BEGIN Information supplied

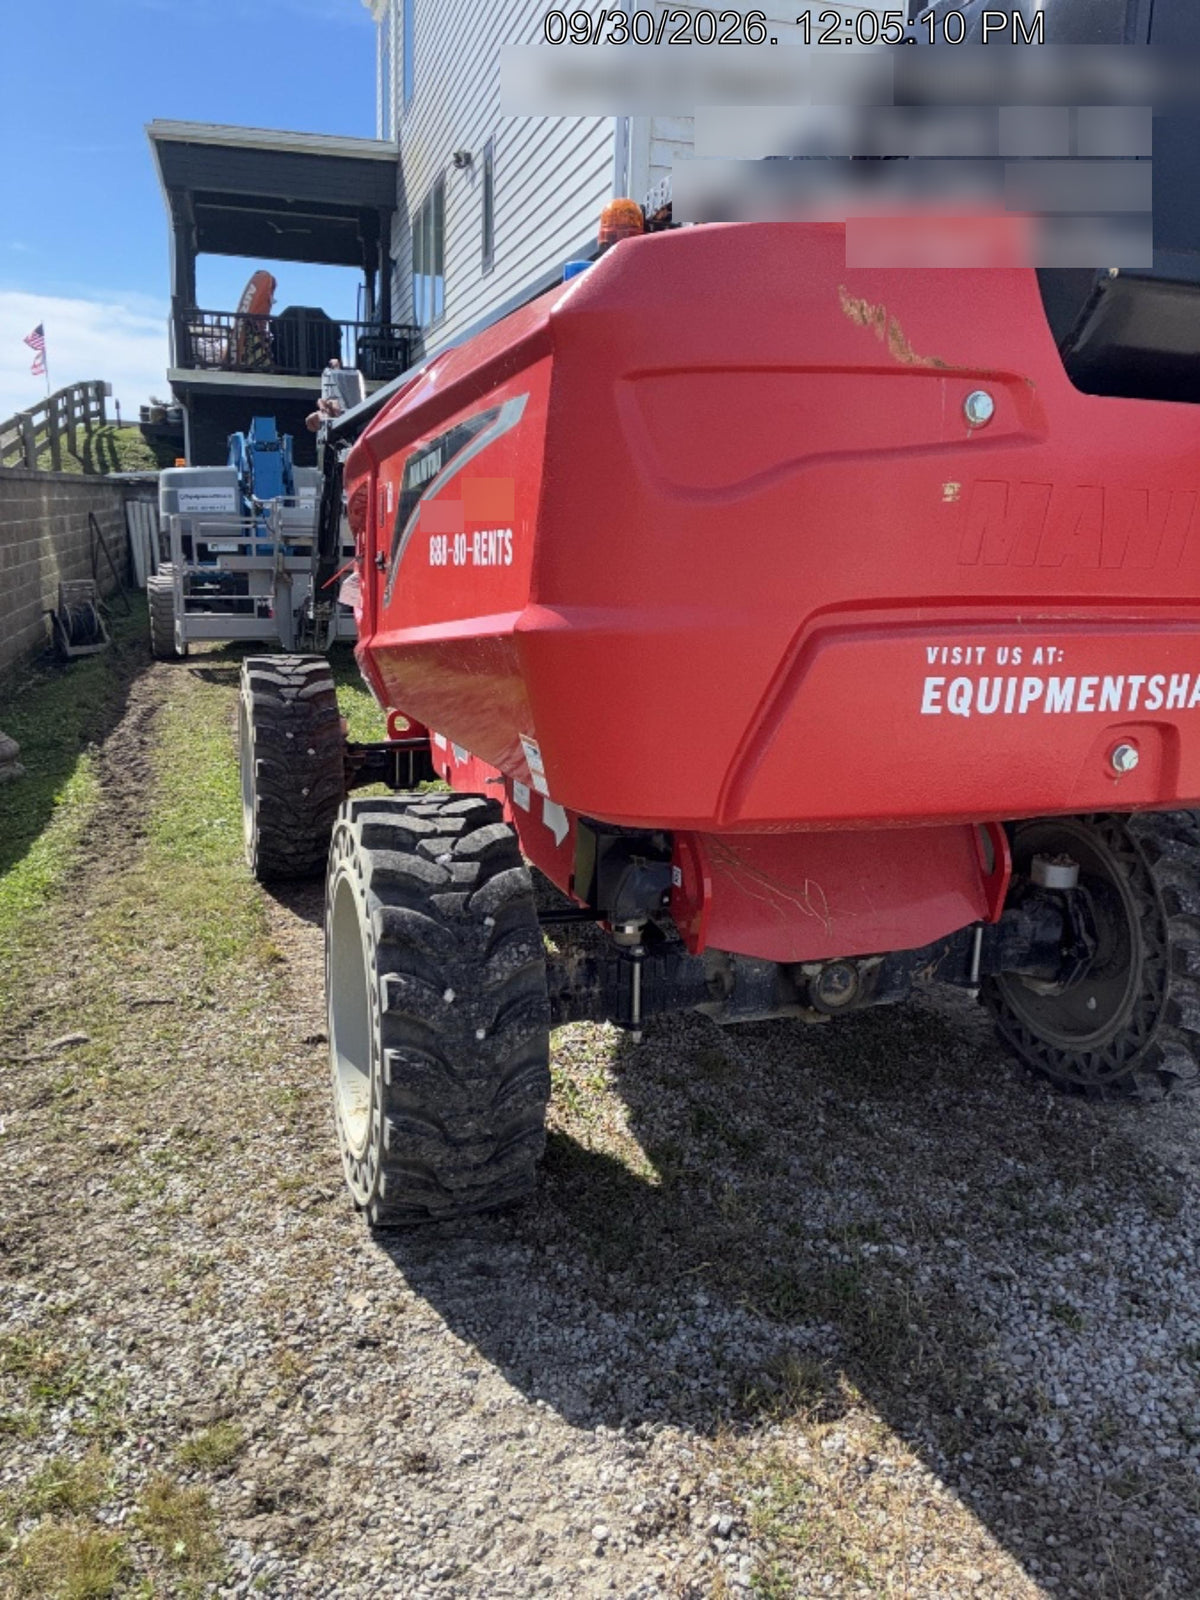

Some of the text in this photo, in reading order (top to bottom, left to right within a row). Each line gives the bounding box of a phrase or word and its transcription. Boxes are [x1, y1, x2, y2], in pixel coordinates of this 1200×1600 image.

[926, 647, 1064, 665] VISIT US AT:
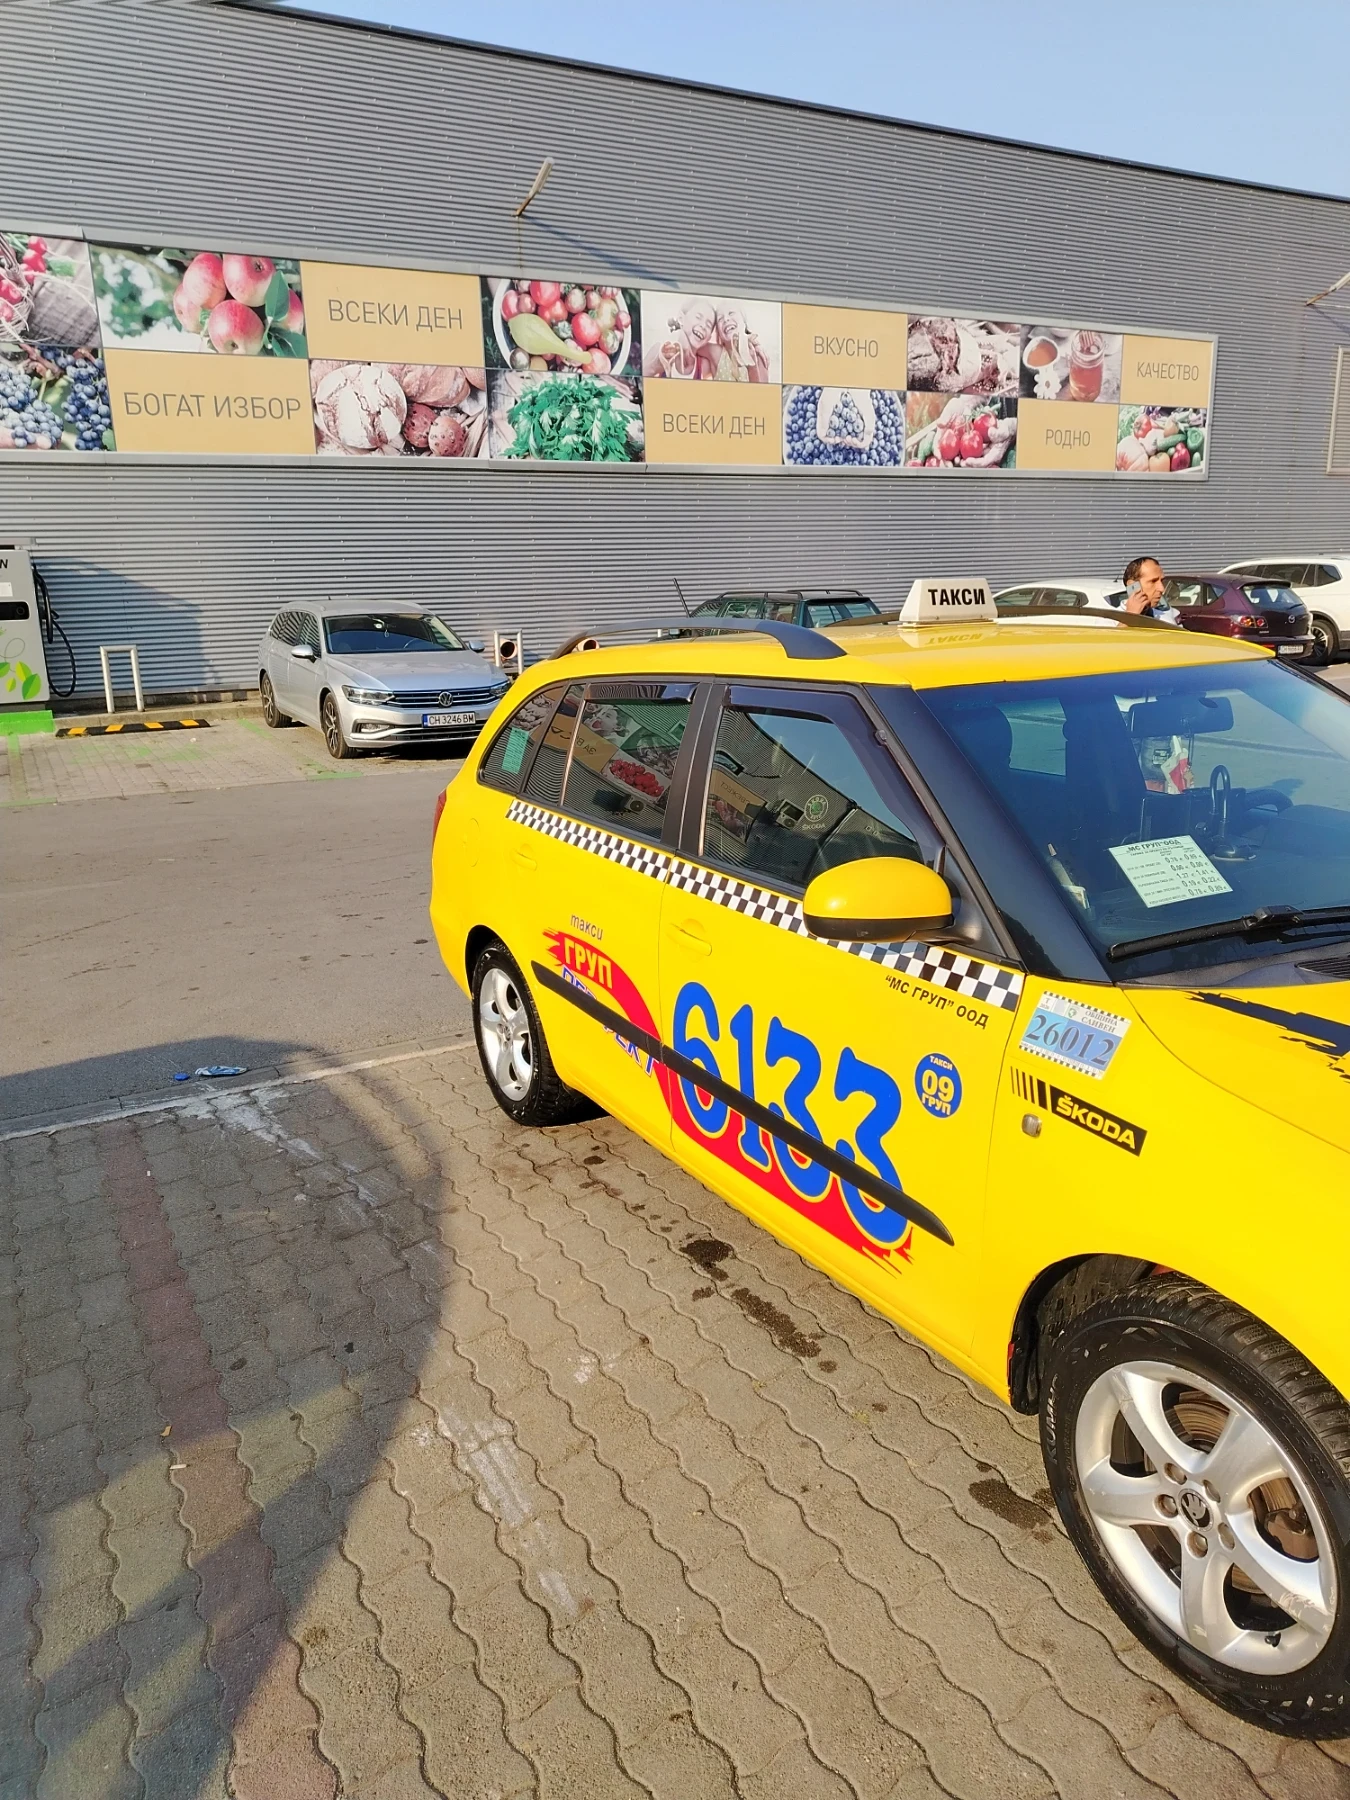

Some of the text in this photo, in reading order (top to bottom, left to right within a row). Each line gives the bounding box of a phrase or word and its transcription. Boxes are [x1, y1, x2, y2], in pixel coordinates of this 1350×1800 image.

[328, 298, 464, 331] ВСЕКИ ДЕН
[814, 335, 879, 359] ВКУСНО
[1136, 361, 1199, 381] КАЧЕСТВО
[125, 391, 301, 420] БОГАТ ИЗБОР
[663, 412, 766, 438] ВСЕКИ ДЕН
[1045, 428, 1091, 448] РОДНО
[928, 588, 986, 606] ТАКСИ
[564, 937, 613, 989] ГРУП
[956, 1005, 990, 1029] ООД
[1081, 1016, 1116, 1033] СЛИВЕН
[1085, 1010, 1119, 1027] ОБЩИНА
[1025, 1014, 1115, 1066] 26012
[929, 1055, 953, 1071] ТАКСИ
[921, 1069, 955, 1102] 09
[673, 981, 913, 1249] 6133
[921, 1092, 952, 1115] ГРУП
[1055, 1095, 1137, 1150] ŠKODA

END Information supplied

Work instructions >>
All lines from the one containing "this 1350×1800 image." through the last line of the data, both included, are to be retyped exactly, and no other line belongs in the answer.

Task output >>
Some of the text in this photo, in reading order (top to bottom, left to right within a row). Each line gives the bounding box of a phrase or word and its transcription. Boxes are [x1, y1, x2, y2], in pixel coordinates of this 1350×1800 image.

[328, 298, 464, 331] ВСЕКИ ДЕН
[814, 335, 879, 359] ВКУСНО
[1136, 361, 1199, 381] КАЧЕСТВО
[125, 391, 301, 420] БОГАТ ИЗБОР
[663, 412, 766, 438] ВСЕКИ ДЕН
[1045, 428, 1091, 448] РОДНО
[928, 588, 986, 606] ТАКСИ
[564, 937, 613, 989] ГРУП
[956, 1005, 990, 1029] ООД
[1081, 1016, 1116, 1033] СЛИВЕН
[1085, 1010, 1119, 1027] ОБЩИНА
[1025, 1014, 1115, 1066] 26012
[929, 1055, 953, 1071] ТАКСИ
[921, 1069, 955, 1102] 09
[673, 981, 913, 1249] 6133
[921, 1092, 952, 1115] ГРУП
[1055, 1095, 1137, 1150] ŠKODA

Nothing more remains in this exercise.